Récemment, les 9 et 21 octobre, deux cas autochtones de Zika ont été diagnostiqués à Hyères, dans le département du Var. Il s’agit donc de personnes qui ont contracté la maladie sur le territoire national. L’infection à virus Zika est une maladie qui peut se transmettre de personne à personne, par l’intermédiaire d’une piqûre de moustique tigre, de la même façon que la dengue ou le chikungunya, à condition que ce dernier soit porteur du virus. « Nous sommes loin d’une épidémie, mais c’est inquié-tant car c’est un cas autochtone », indique Cyril Caminade.
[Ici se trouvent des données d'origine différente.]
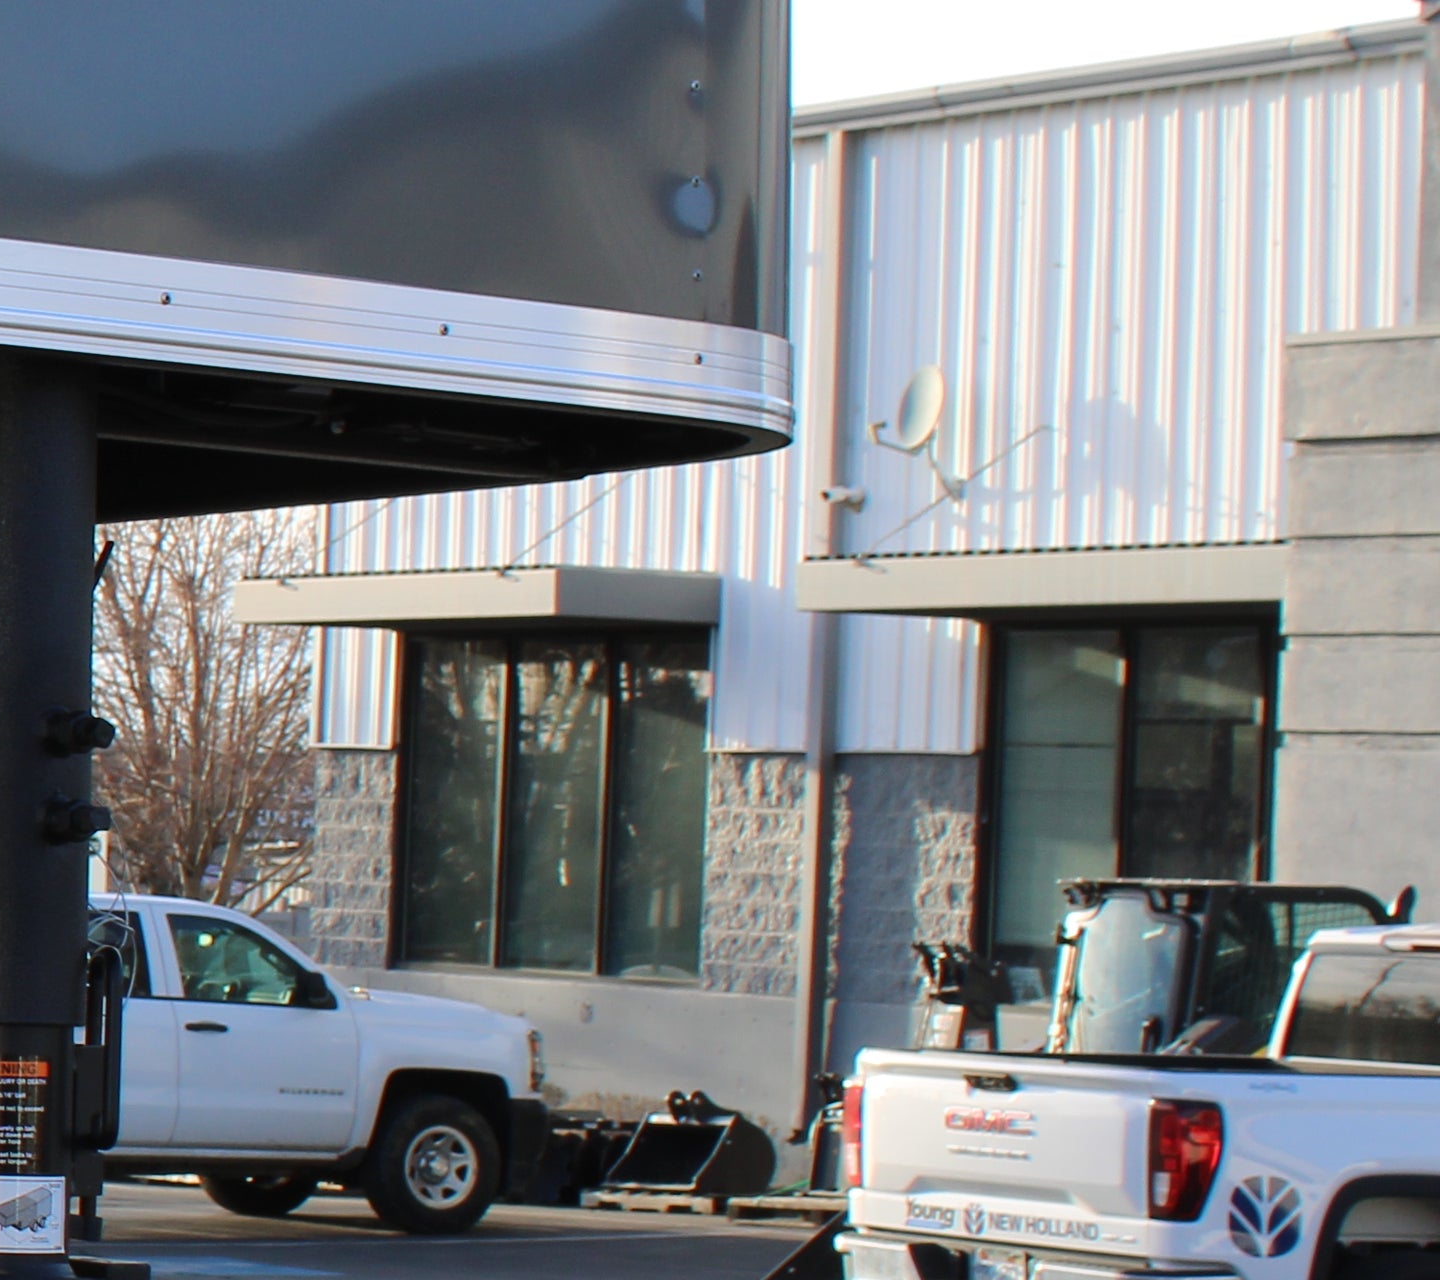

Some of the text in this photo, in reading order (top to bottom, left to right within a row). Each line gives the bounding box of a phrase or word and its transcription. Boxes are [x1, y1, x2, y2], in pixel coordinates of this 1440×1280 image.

Dans la région Paca, la sensibilisation des professionnels de santé a déjà engagée par des formations, elle devrait se renforcer.

1- Association européenne de santé publique.

2- « Santé publique: comment faire face au changement climatique ? »

3- Téléchargeable gratuitement après inscription sur le site, en anglais uniquement : bit.ly/2OFpylg

Cet article est paru dans le N° 410/411, décembre 2019/janvier 2020 , de L’Infirmière Magazine.

 

En chiffres
Selon le baromètre santé environnement réalisé en Paca en 2017
– 3 sur 4 des habitants de la région craignent de développer un problème de santé lié à leur environnement.
– Parmi eux, 59 % redoutent qu’il puisse être à l’origine d’anxiété, de stress ou de troubles du sommeil, 55 % d’asthme ou de maladies respiratoires, 44 % d’une maladie transmise par les moustiques et 44 % d’un cancer.